Allen voran soll speziell Frauen ermöglicht werden, ihre Tätigkeiten im Haushalt und bei der Erziehung zu reduzieren und stattdessen wieder mehr aktiv am Arbeitsmarkt teilzunehmen. Dazu soll ein jährliches Budget für Alltagshelfer in Familien mit kleinen und mittleren Einkommen sowie kleinen Kindern oder pflegebedürftigen Angehörigen geprüft werden. Diese Finanzspritze für Alltagshelfer würde dann nicht nur Frauen entlasten, sondern gleichzeitig auch sozialversicherungspflichtige Beschäftigungen bei haushaltsnahen Dienstleistungen fördern, heißt es. Mitunter durch leichtere Quereinstiege in diesem Bereich.
Die Erhöhung der Erwerbsbeteiligung von Frauen ist ein entscheidender Faktor zur Fachkräftesicherung. Wir wollen Familien helfen, den alltäglichen Spagat zwischen Kindererziehung, Arbeit, Haushalt, Pflege und auch Erholung besser bewältigen zu können.

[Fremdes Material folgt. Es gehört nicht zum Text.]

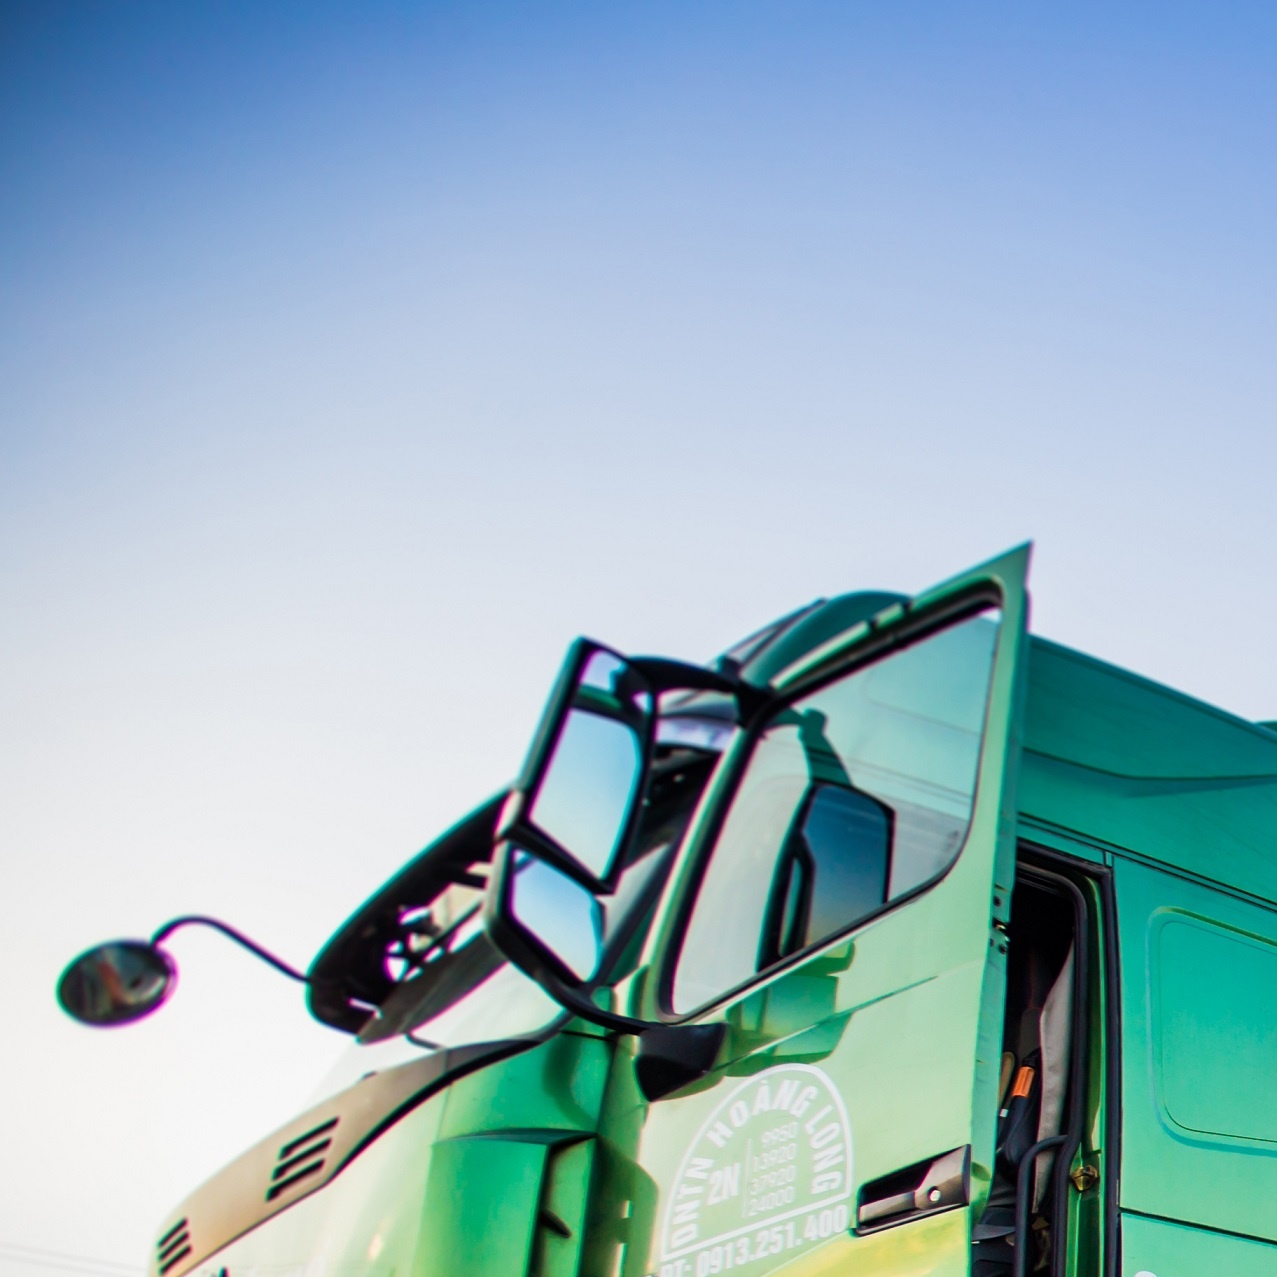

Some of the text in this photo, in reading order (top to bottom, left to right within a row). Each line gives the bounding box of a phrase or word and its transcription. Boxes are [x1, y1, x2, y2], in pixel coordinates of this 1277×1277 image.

[671, 1079, 844, 1248] DNTN HOÀNG LONG
[707, 1162, 741, 1205] 2N
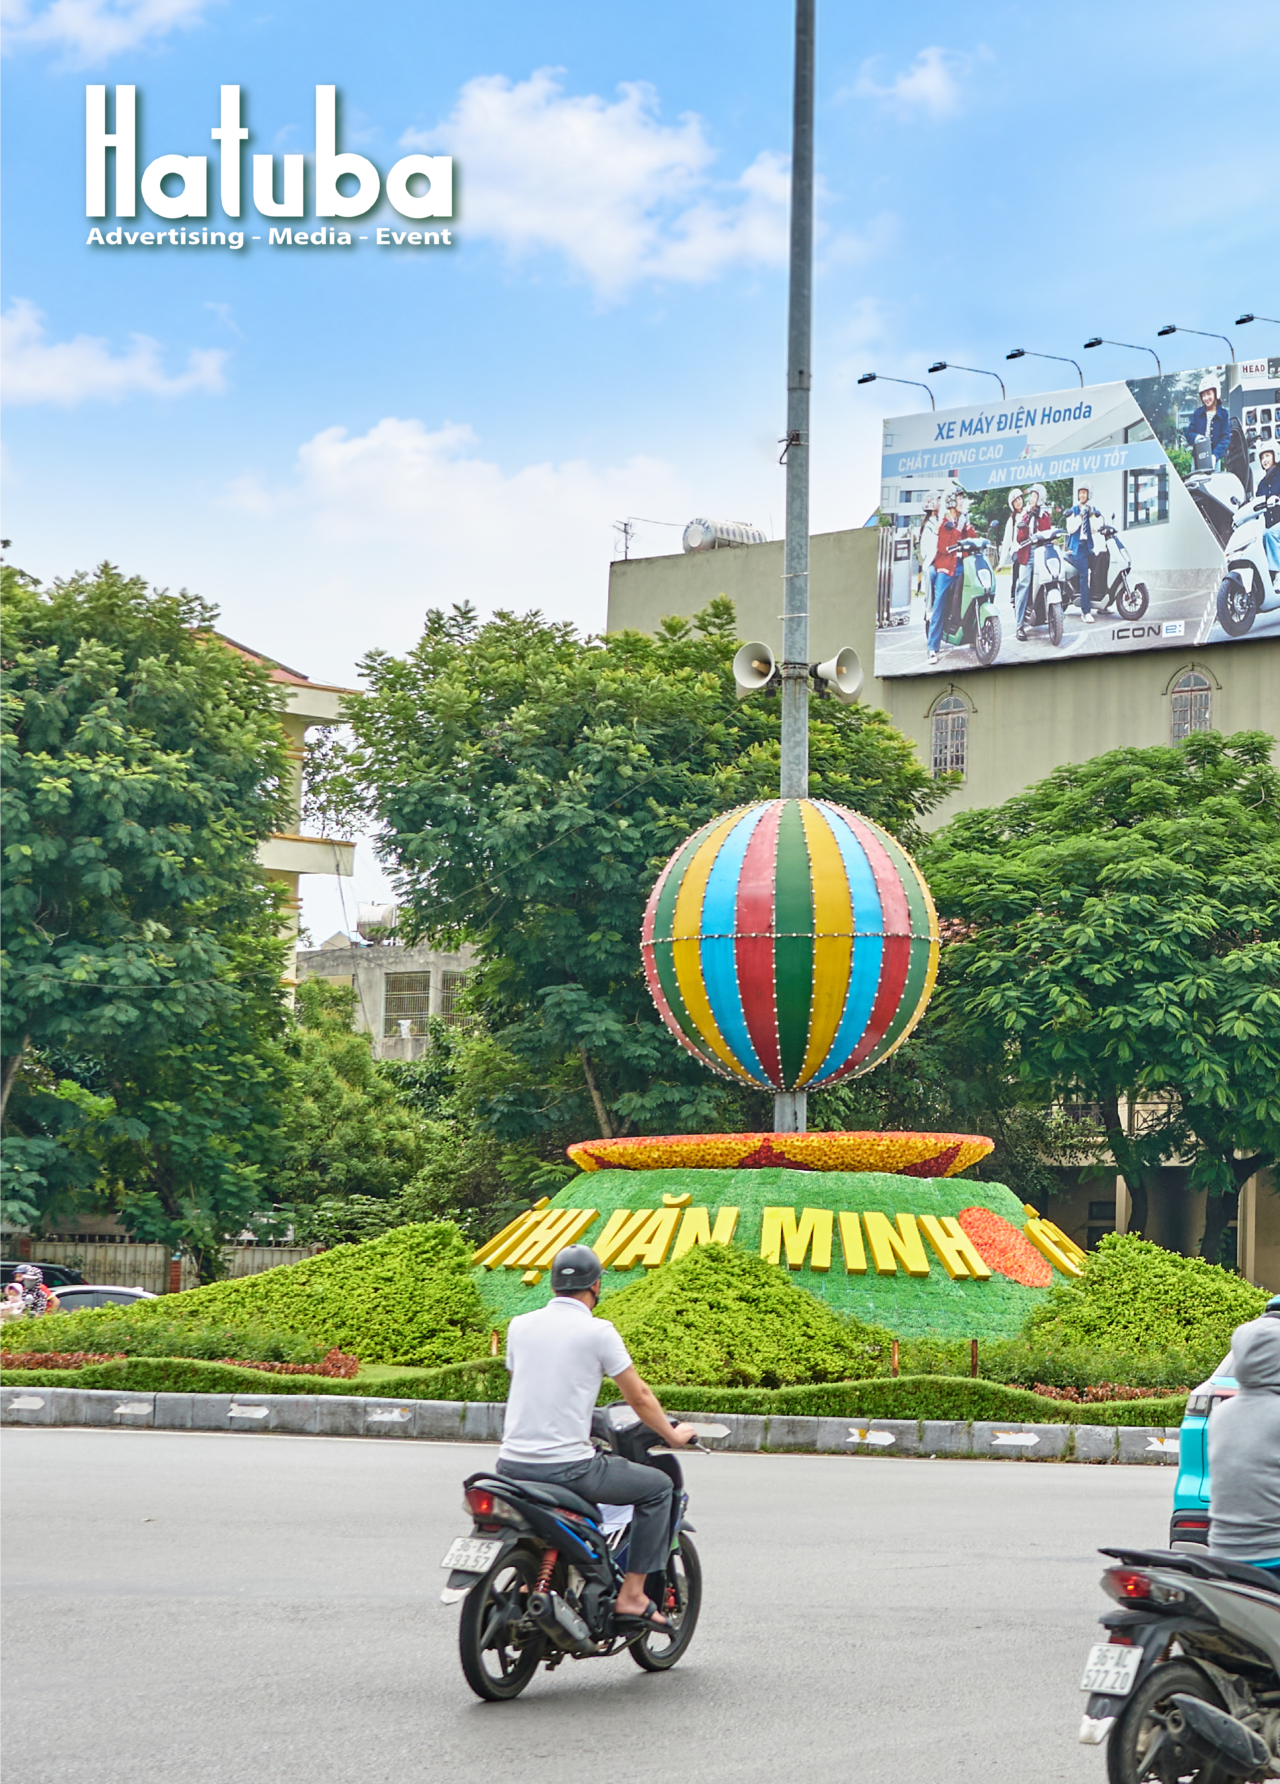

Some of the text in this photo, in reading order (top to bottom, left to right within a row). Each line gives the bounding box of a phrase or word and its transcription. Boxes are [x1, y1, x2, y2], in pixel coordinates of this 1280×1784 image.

[1242, 364, 1265, 373] HEAD
[934, 401, 1092, 441] XE MÁY ĐIỆN Honda
[898, 444, 1003, 472] CHẤT LƯỢNG CAO
[988, 447, 1129, 484] AN TOÀN, DỊCH VỤ TỐT
[1112, 625, 1161, 640] ICON
[591, 1193, 739, 1272] VĂN
[760, 1206, 992, 1280] MINH
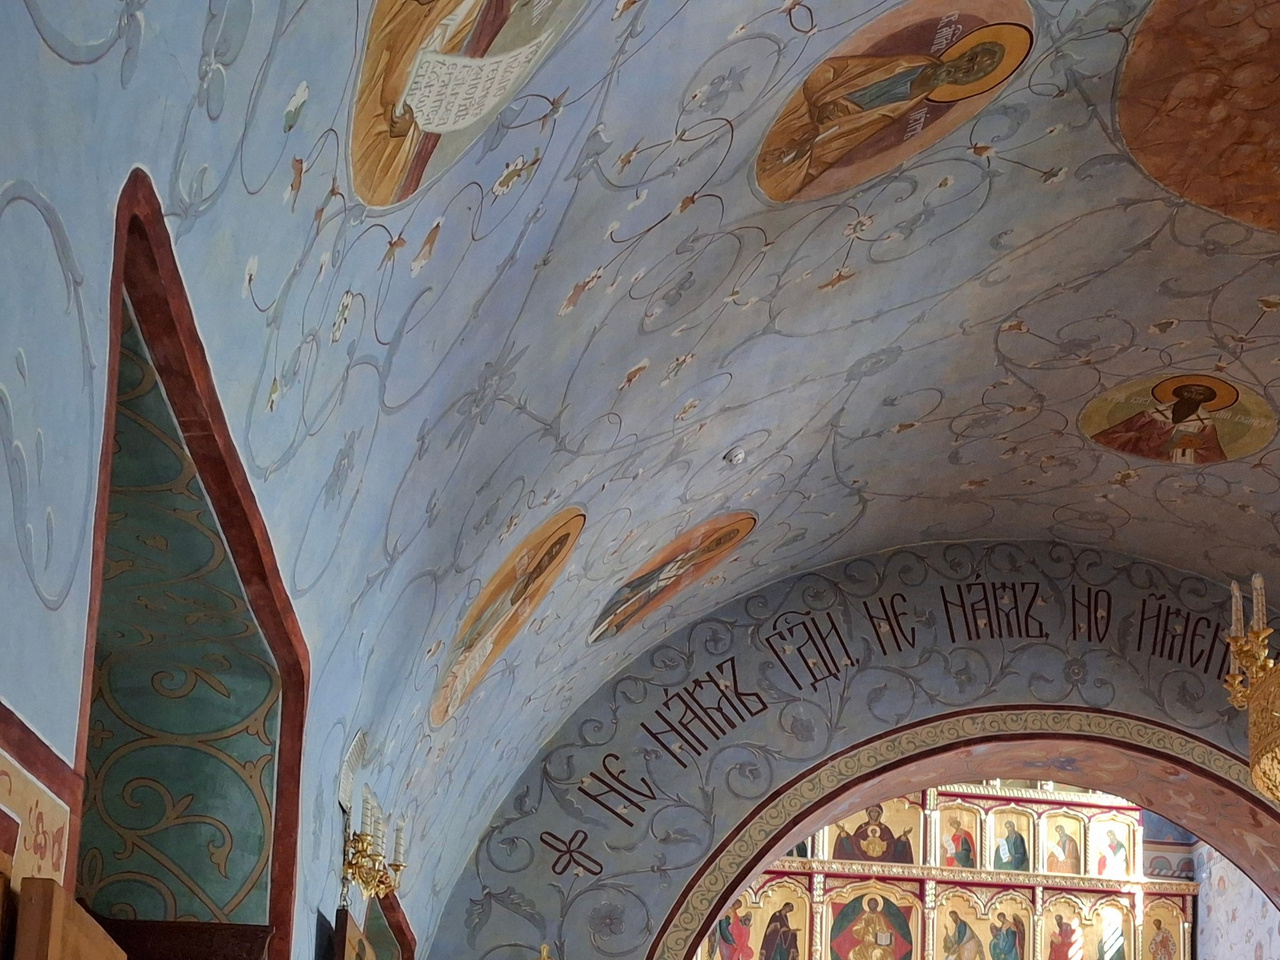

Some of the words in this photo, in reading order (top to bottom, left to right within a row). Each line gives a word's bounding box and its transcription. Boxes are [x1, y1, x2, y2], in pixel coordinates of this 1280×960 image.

[577, 753, 656, 828] НЕ
[862, 593, 916, 656] НЕ
[1071, 584, 1112, 643] НО
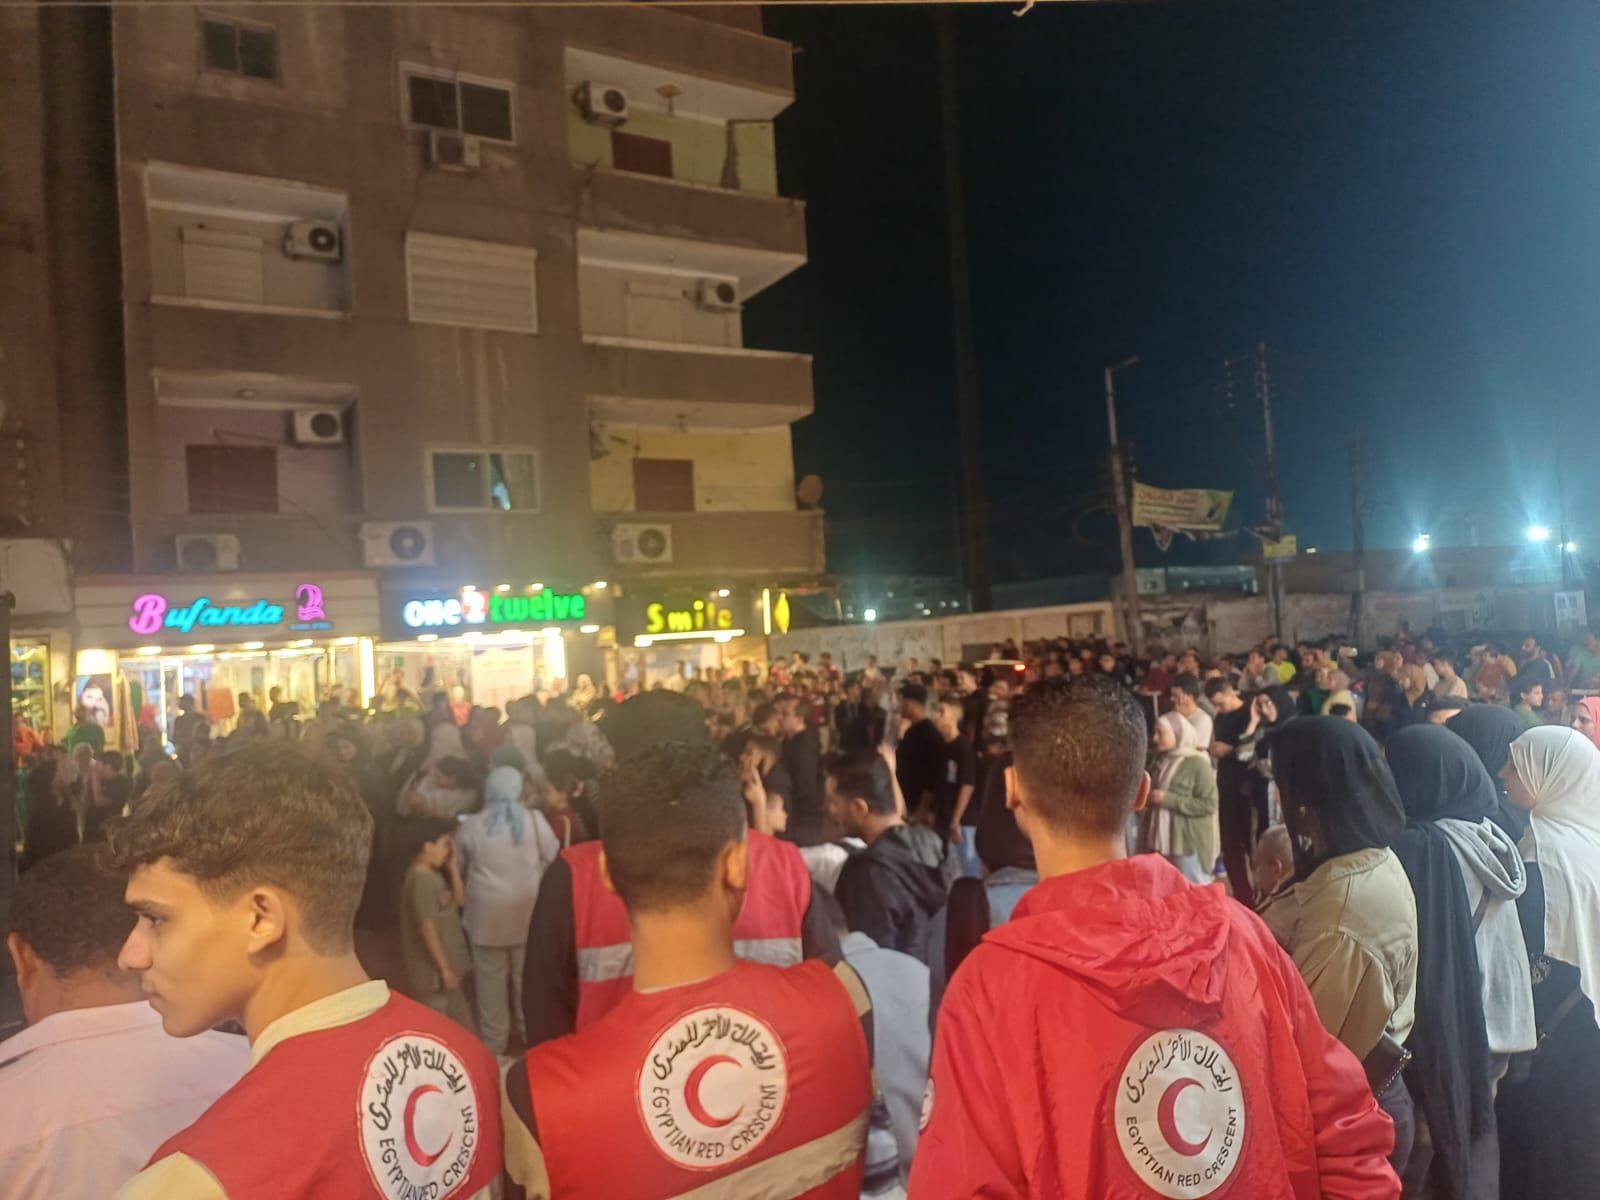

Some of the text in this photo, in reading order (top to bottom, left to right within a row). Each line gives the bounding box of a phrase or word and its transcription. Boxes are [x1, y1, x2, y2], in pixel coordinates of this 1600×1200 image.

(Wortlaut aus dem Koalitionsvertrag)
Zwei weitere Punkte sind Bildung und Qualifizierung für alle Menschen, die am Arbeitsmarkt teilnehmen können. Dazu gehören die Ausbildungsförderung, etwa durch die Verbesserung des Aufstiegs-BAföG, aber auch Investitionen in Bildungsstätten. Darüber hinaus soll die „stärkere Durchlässigkeit von Ausbildung und Meisterprüfung zum Studium“ die Gleichwertigkeit von beruflicher und akademischer Bildung fördern und Menschen mit beruflicher Qualifikation den Zugang zu Hochschulen erleichtern.
Wir wollen den Mittelstand und das Handwerk mit flexibleren gesetzlichen Rahmenbedingungen, einfacheren Vergabeverfahren und schnelleren Genehmigungsprozessen unterstützen. Dazu zählen die stärkere Durchlässigkeit von Ausbildung und Meisterprüfung zum Studium und die Verstetigung der Ausbildungsförderung.
(Wortlaut aus dem Koalitionsvertrag)
Das alles soll am Ende dazu dienen, die berufliche Bildung attraktiver zu machen und Menschen zu motivieren, sich weiterzubilden und höher zu qualifizieren. Übrigens: Der geplante massive Bürokratieabbau zieht sich durch praktisch alle genannten Ziele und Themengebiete, kommt also auch ganz übergeordnet hier zum Tragen. Mehr dazu erfährst du in unserem vorherigen Blogartikel zum Bürokratieabbau.
Betriebsübergaben im Handwerk: Was kommt da auf die Branche zu?
Dass die Politik endlich handelt, scheint wichtiger denn je. Denn: Zum bereits ohnehin hohen Fachkräftemangel kommt erschwerend die Tatsache, dass in den kommenden Jahren etwa 125.000 Handwerksbetrieben in Deutschland ein Generationenwechsel bevorsteht. Altgediente Handwerker gehen in Rente und müssen ihren Betrieb an Jüngere übergeben.
Damit möglichst wenig dieser Handwerksbetriebe komplett aufgegeben werden, sondern Nachfolger*innen gefunden werden können, will die Politik auch hier mit einem Maßnahmenpaket reagieren. Die bereits genannten Lösungsansätze für den Fachkräftemangel gelten hier selbstverständlich auch, es gibt aber noch deutlich mehr auf dieses Problem zugeschnittene Planungen.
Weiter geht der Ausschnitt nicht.